PROVIDED MATERIAL:
------

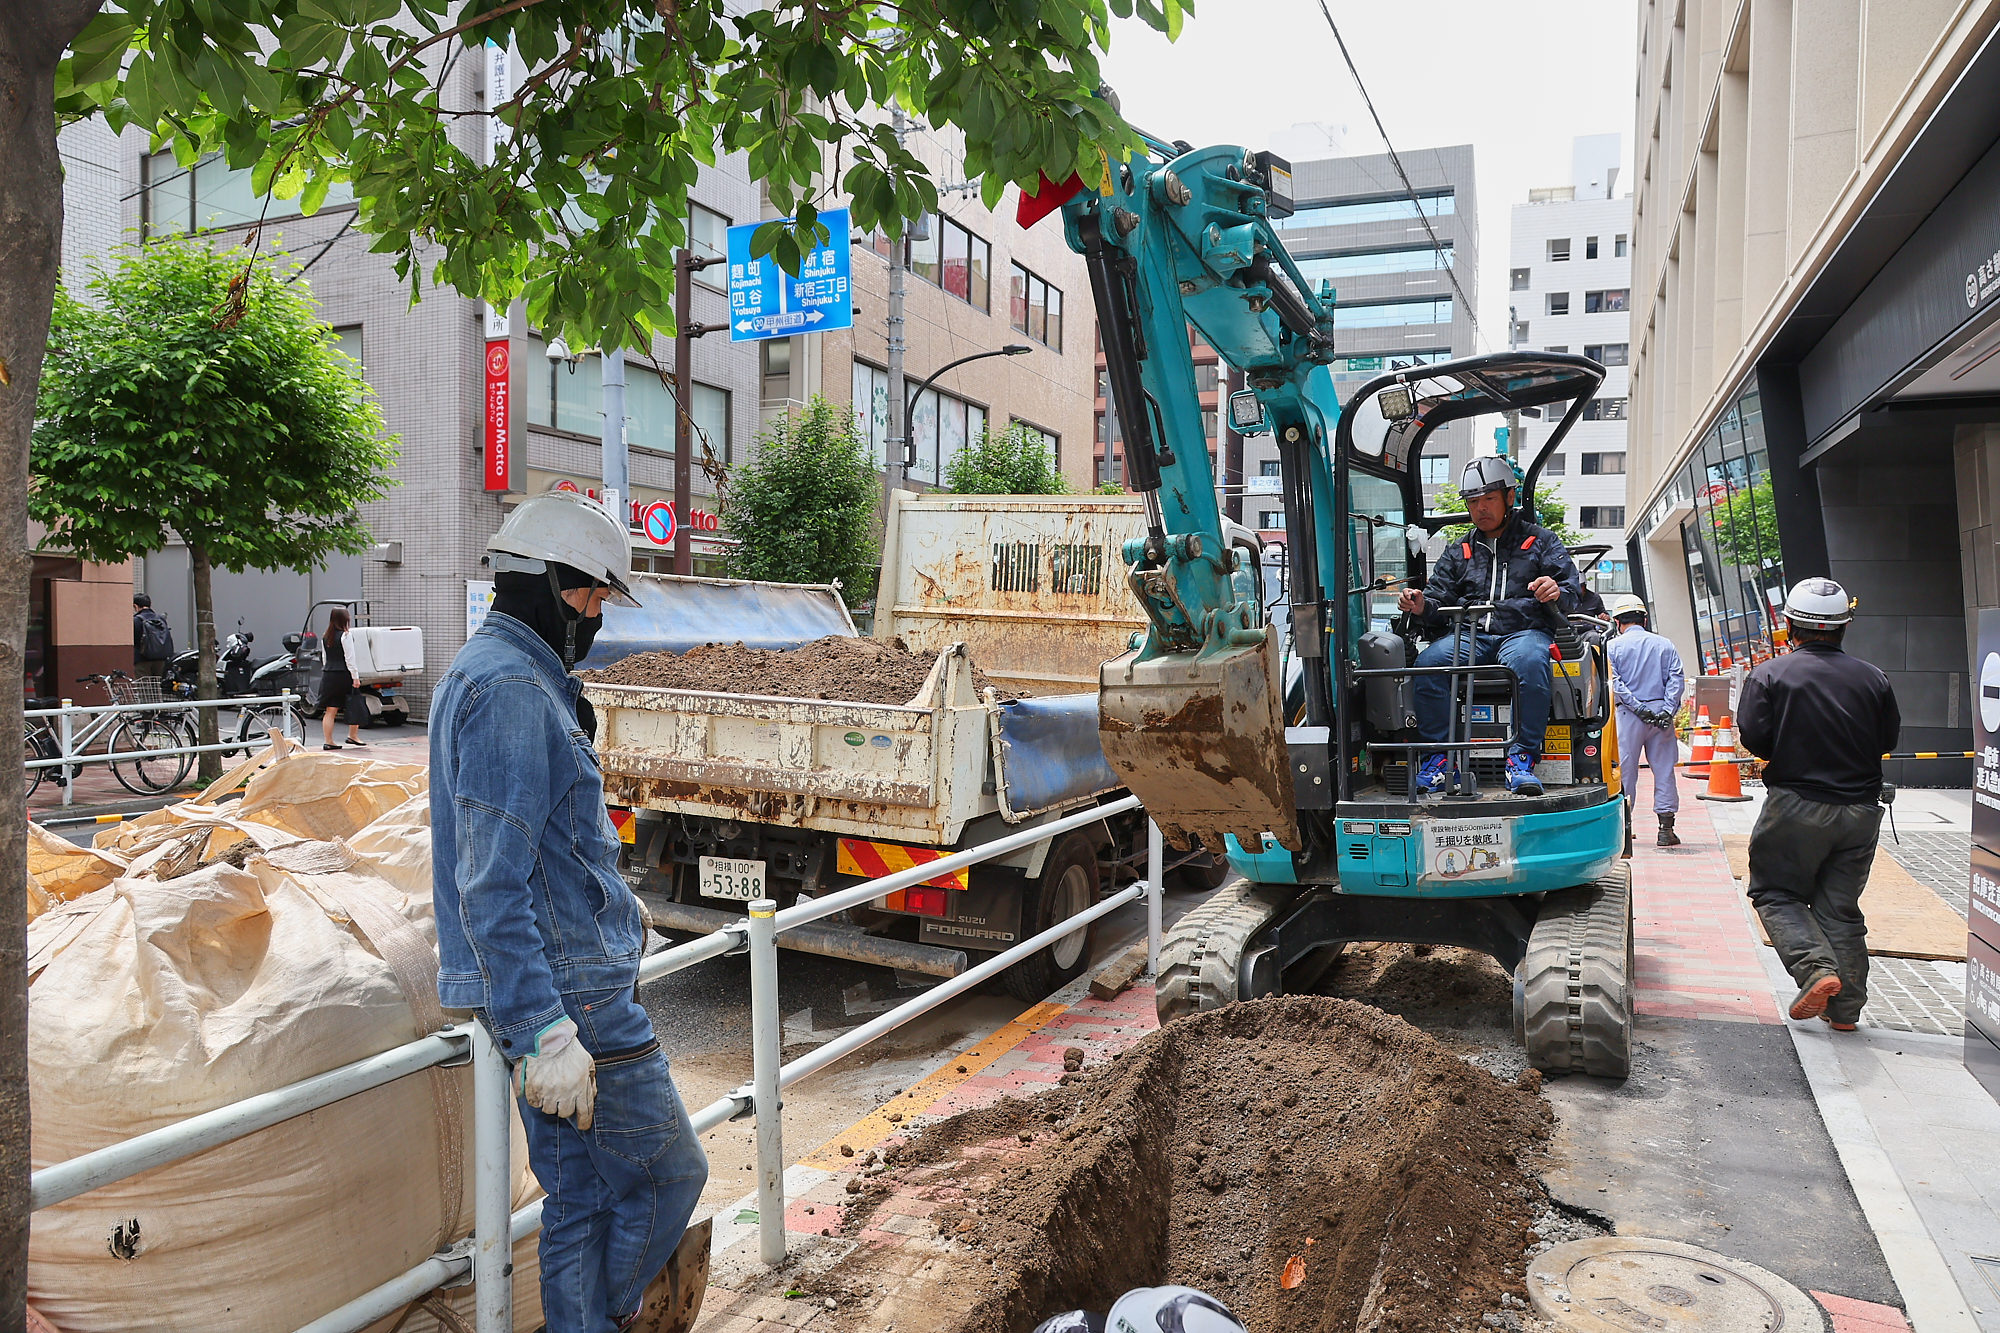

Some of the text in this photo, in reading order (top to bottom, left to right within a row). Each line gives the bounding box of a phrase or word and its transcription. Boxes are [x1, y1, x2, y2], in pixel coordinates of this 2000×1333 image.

[804, 250, 835, 269] 新宿
[804, 266, 836, 279] Shinjuku
[731, 277, 762, 290] Kojimachi
[794, 276, 847, 298] 新宿三丁目
[732, 289, 762, 307] 四谷
[801, 293, 840, 307] Shinjuku 3
[766, 313, 802, 327] 甲州街道
[496, 381, 507, 477] HottoMotto
[1976, 766, 2000, 795] 進入禁
[703, 873, 761, 899] わ 53-88
[926, 923, 1015, 942] FORWARD
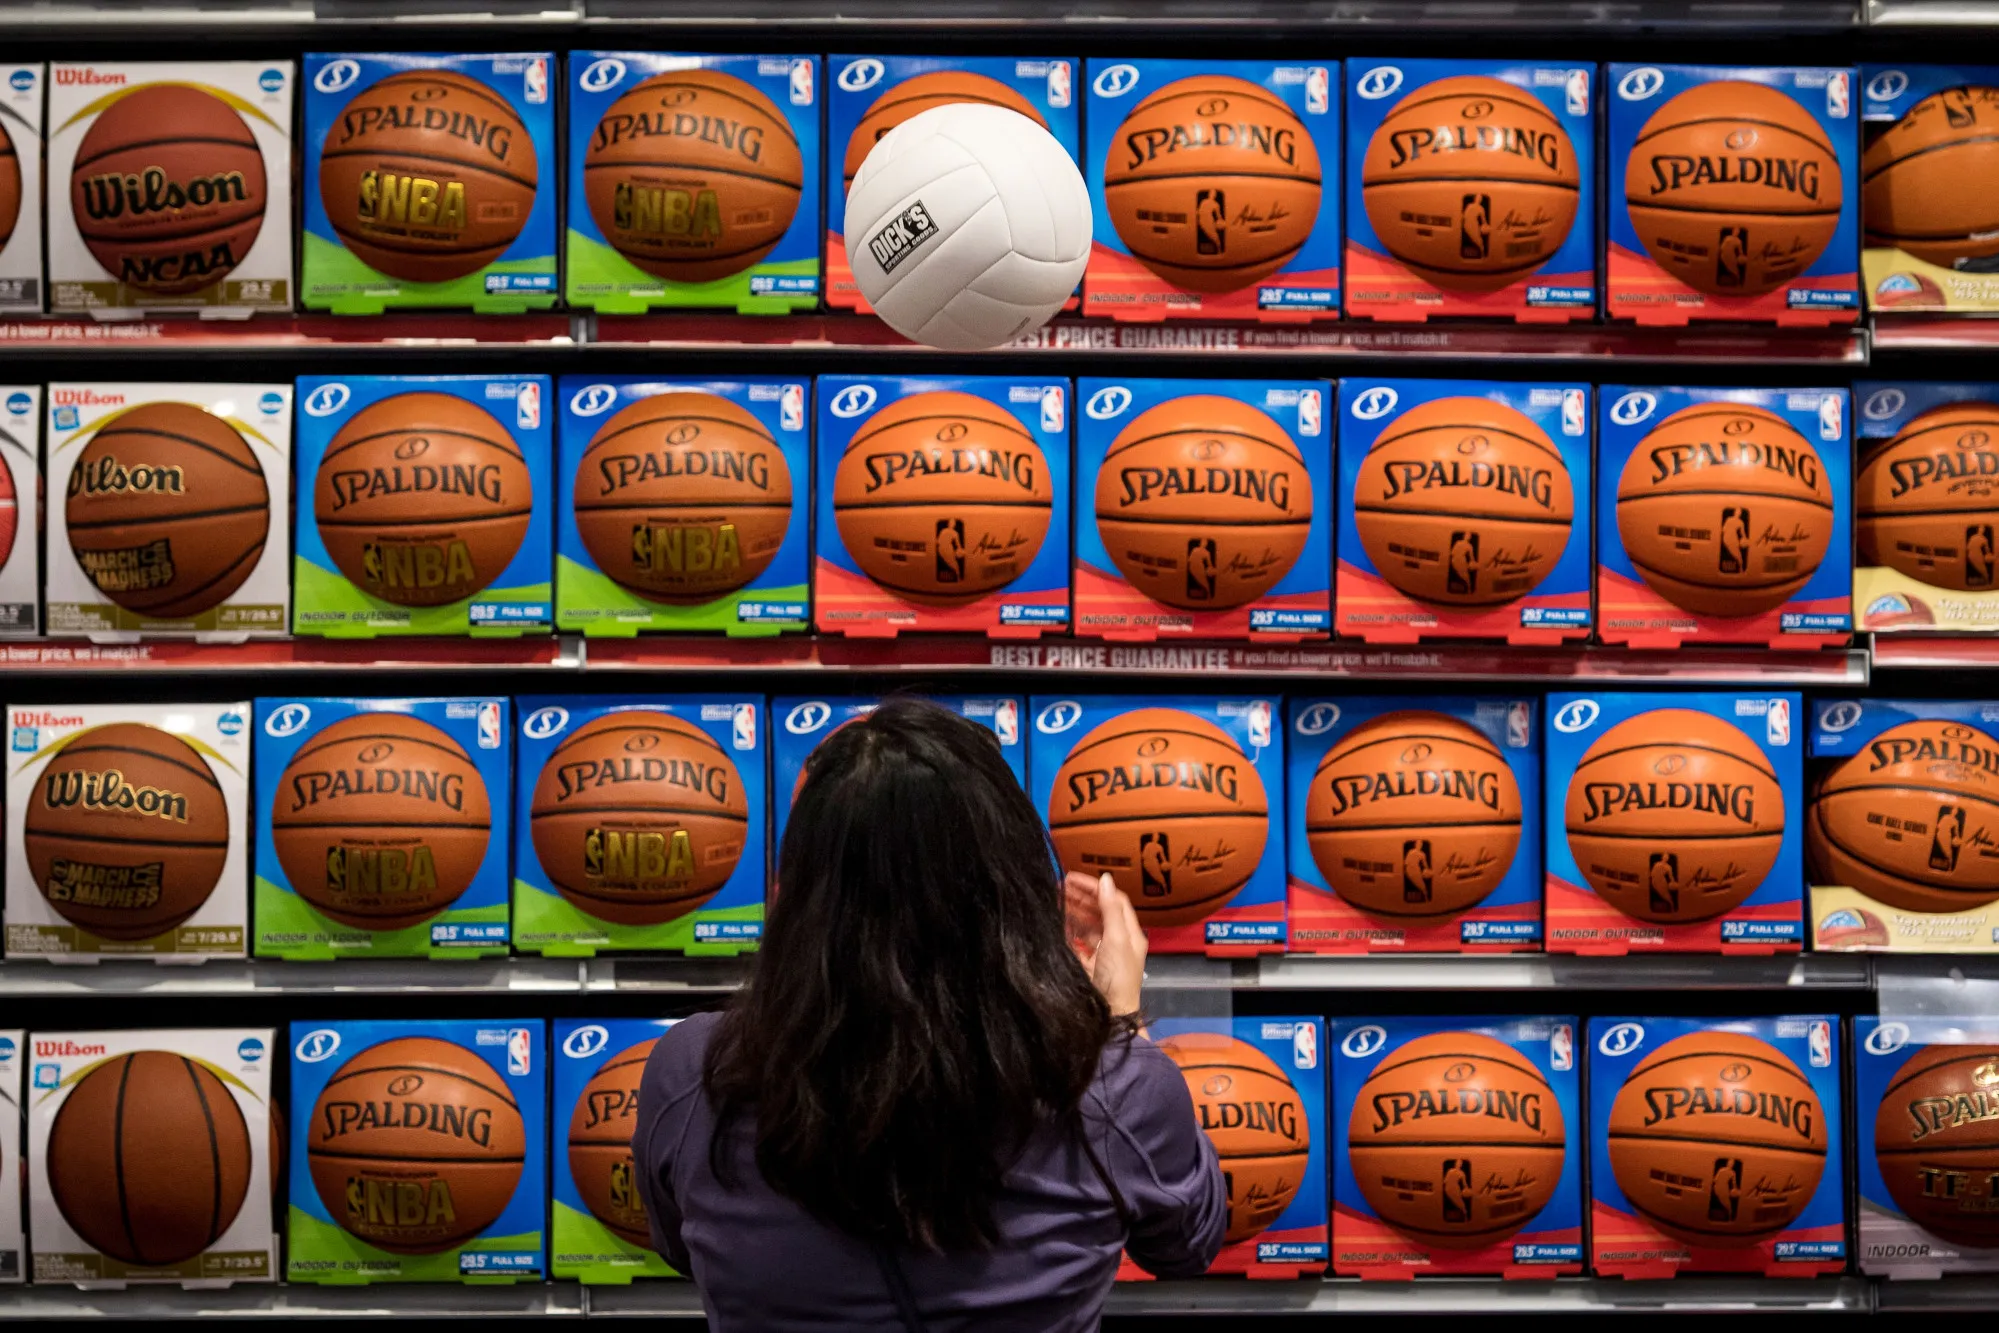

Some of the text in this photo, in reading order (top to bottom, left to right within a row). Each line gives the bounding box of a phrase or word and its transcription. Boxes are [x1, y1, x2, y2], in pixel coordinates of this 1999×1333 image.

------

BRIEF: Leave out the pictures and return the listing exactly.

THE COMPLETED TASK:
Some of the text in this photo, in reading order (top to bottom, left to right within a row). Each line gives the bounding box of a phrase or word and its transcription. Boxes are [x1, y1, x2, y2], in pixel coordinates of this 2000×1333 image.

[804, 250, 835, 269] 新宿
[804, 266, 836, 279] Shinjuku
[731, 277, 762, 290] Kojimachi
[794, 276, 847, 298] 新宿三丁目
[732, 289, 762, 307] 四谷
[801, 293, 840, 307] Shinjuku 3
[766, 313, 802, 327] 甲州街道
[496, 381, 507, 477] HottoMotto
[1976, 766, 2000, 795] 進入禁
[703, 873, 761, 899] わ 53-88
[926, 923, 1015, 942] FORWARD

Some of the text in this photo, in reading order (top to bottom, left to right within a row). Each line gives the bounding box of a phrase or word and its transcription. Boxes are [x1, y1, x2, y2], in pixel coordinates of this 1999×1333 image.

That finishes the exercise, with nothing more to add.